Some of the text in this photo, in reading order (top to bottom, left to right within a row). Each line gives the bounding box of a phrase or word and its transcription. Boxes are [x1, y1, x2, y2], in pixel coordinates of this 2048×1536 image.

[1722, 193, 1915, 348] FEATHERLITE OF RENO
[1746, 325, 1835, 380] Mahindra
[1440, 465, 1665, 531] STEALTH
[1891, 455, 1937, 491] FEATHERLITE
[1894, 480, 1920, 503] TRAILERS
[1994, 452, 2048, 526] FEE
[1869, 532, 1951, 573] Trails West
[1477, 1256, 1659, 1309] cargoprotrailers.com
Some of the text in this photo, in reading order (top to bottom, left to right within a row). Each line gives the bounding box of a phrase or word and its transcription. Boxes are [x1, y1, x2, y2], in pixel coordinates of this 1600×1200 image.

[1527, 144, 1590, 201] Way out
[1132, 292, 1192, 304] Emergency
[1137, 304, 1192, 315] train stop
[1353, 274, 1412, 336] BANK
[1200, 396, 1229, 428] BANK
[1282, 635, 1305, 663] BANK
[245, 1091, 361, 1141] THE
•••
**REQUIRED ACTION:** Copy the lines above exactly, beginning at the line containing "this 1600×1200 image." and stopping at the last line.

**ANSWER SPACE:**
Some of the text in this photo, in reading order (top to bottom, left to right within a row). Each line gives the bounding box of a phrase or word and its transcription. Boxes are [x1, y1, x2, y2], in pixel coordinates of this 1600×1200 image.

[1527, 144, 1590, 201] Way out
[1132, 292, 1192, 304] Emergency
[1137, 304, 1192, 315] train stop
[1353, 274, 1412, 336] BANK
[1200, 396, 1229, 428] BANK
[1282, 635, 1305, 663] BANK
[245, 1091, 361, 1141] THE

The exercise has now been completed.